This repository contains the dataset and the implementation code for the paper MultiEmo: multi-task framework for emoji prediction.
- data/ contains raw and preprocessed datasets for train, validation and test. preprocessing.py would help preprocess the raw text. Also, pre-trained model weight and vocabulary for tokenizing will be located here.
- scripts/ contains code for implementing the model and thus reproducing results in the paper.

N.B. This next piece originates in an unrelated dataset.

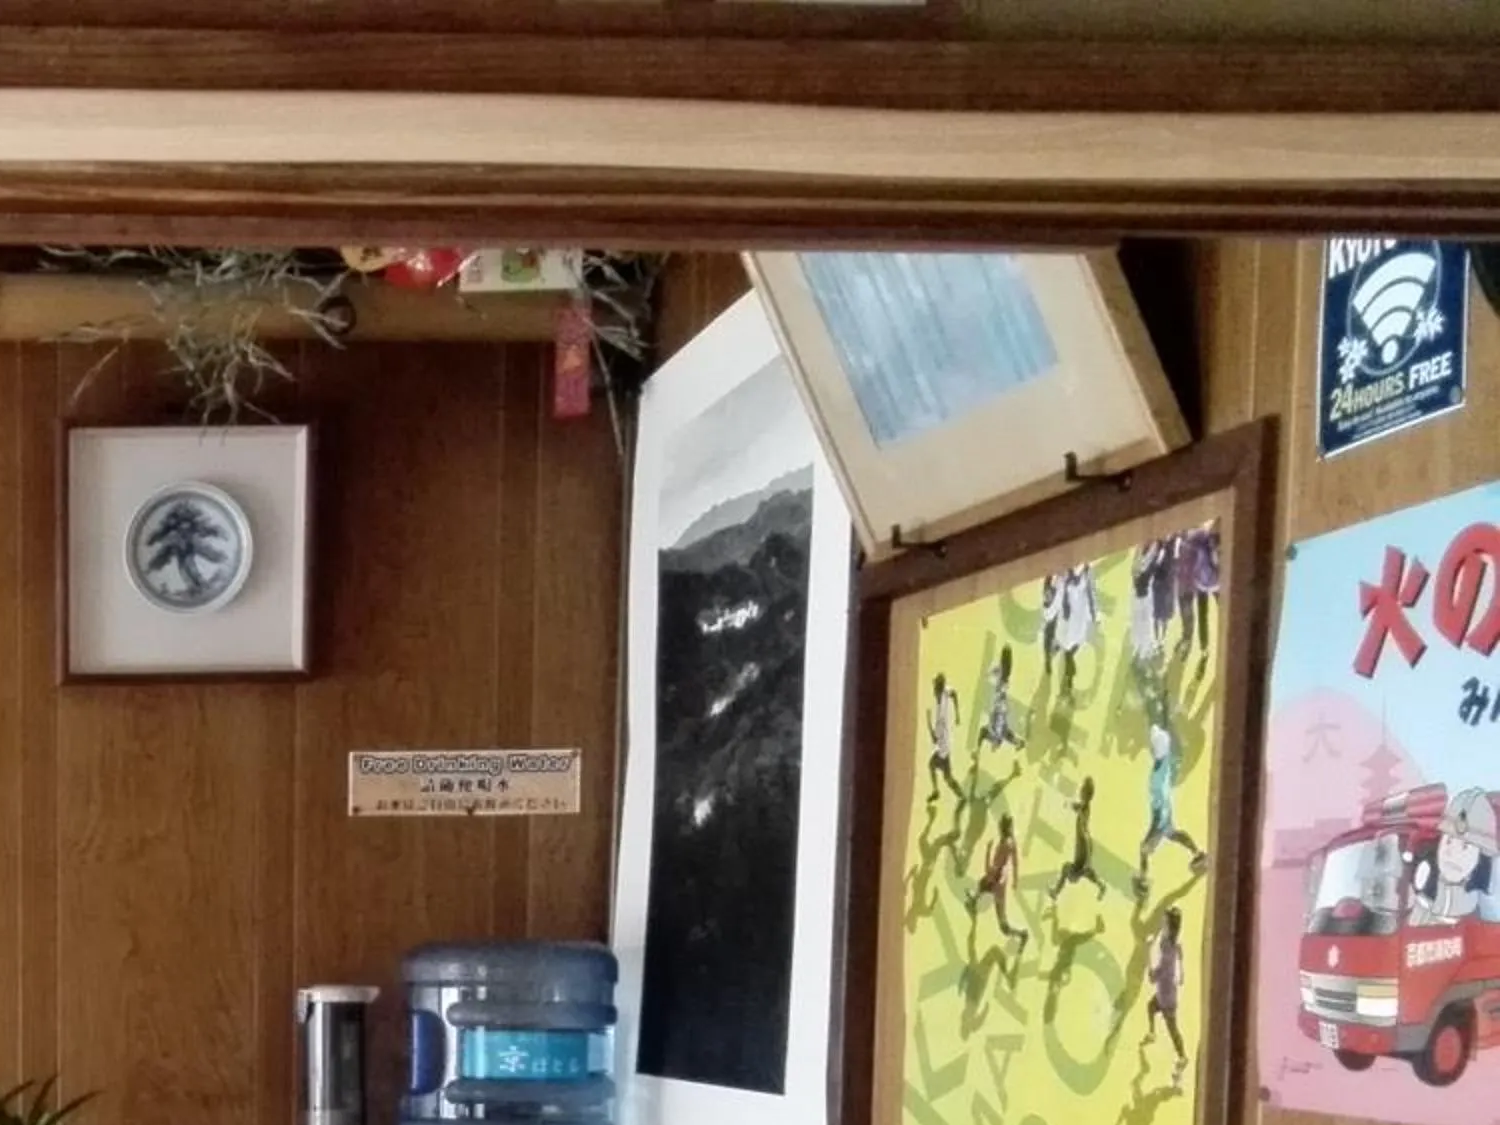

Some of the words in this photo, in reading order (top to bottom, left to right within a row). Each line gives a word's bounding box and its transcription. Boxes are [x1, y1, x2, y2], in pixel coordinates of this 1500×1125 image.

- checkpoints/ is a repository where a checkpoint of the trained model such as weight information or optimizer state would be saved.
- README.md
- requirements.txt
Environment setup
For experimental setup, requirements.txt
lists down the requirements for running the code on the repository. Note that a cuda device is required.
The requirements can be downloaded using,
pip install -r requirements.txt
Training setup
You can download the model checkpoints from the TorchMoji repo. We also employed tokenizer used in torchmoji, you should download this vocabulary here. Both pre-trained weights and vocabulary file is expected to be located in data/.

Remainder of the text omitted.